A menina dos olhos do empresário é a Academy Soho, onde 339 trainees, todos com ensino médio completo, formam-se pela cartilha do samurai. O curso dura 28 meses e os alunos aprendem desde cortes e enrolamentos de cabelo até noções de contabilidade e português. "É como uma faculdade", compara Renata Midori Oka, 20 anos. Os alunos trabalham como assistentes de um cabeleireiro, encarregado de passar a parte prática. Recebem salários de aproximadamente 400 reais. Quando concluem a academia, são contratados automaticamente. "Temos um plano de carreira", afirma Marcos Hissashi Fuzimoto, que já cursou direito e trabalhou como operário em Tóquio. Nos salões, os mestres chamam seus aprendizes de filhos e estes os tratam por pais. Antes da formatura, todos passam por um estágio de seis meses no Guenki, salão montado especialmente para isso. Há ainda o "dojô", centro de estudos em que todo o clã pratica caratê e tai chi chuan, assiste a palestras e aprende a montar arranjos de ikebana. "Muitas empresas do Japão têm funcionamento semelhante", diz Célia Sakurai, coordenadora acadêmica do Museu de História da Imigração Japonesa. "Os empregados sentem-se parte de uma família, na qual recebem sustento e proteção do pai-patrão."
Filho de um barbeiro de Saitama, vilarejo a 200 quilômetros de Tóquio, Iijima tinha 28 anos quando emigrou com a mulher e os filhos pequenos: o menino Dai e a menina Ai. Veio com 100 000 dólares, mas perdeu a maior parte do dinheiro por não ter sabido lidar com a inflação daquela época.
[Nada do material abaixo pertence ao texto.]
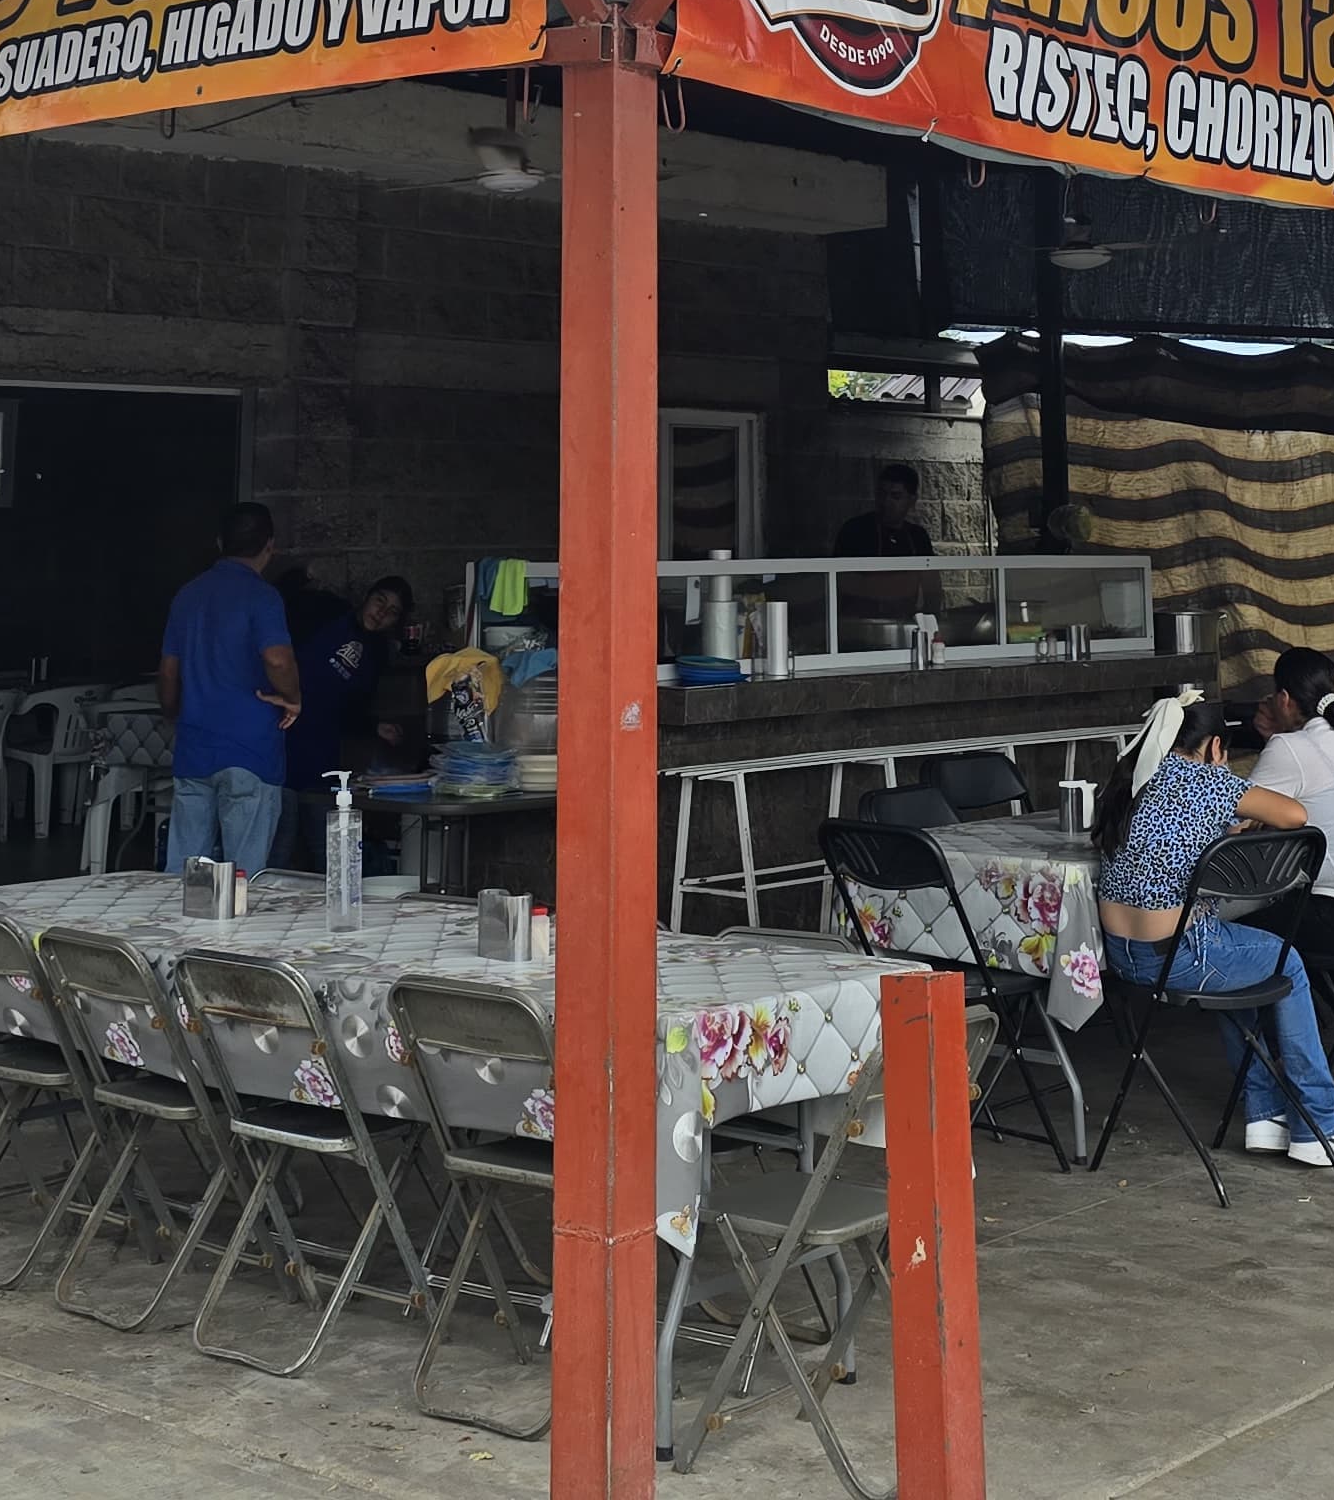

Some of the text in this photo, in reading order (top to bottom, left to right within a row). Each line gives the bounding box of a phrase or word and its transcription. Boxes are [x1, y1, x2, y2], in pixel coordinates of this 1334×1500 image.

[819, 24, 896, 67] DESDE 1990
[989, 25, 1156, 157] BISTEC,
Tempos depois, trabalhou no salão Jacques Janine. "Ele sempre foi muito competente", diz Jacques Goossens. "Merece tudo o que conseguiu." Iijima mora em um apartamento de 550 metros quadrados na Aclimação e roda a cidade a bordo de uma Toyota Hylux, com motorista particular. A caçula, Ai, 22 anos, estudou em Tóquio e vive em Cambridge, na Inglaterra. Dai, 25 anos, cursa administração e marketing em São Paulo. Não herdou do pai o ofício de cabeleireiro, mas sim o gosto pelo golfe, o hobby de Iijima.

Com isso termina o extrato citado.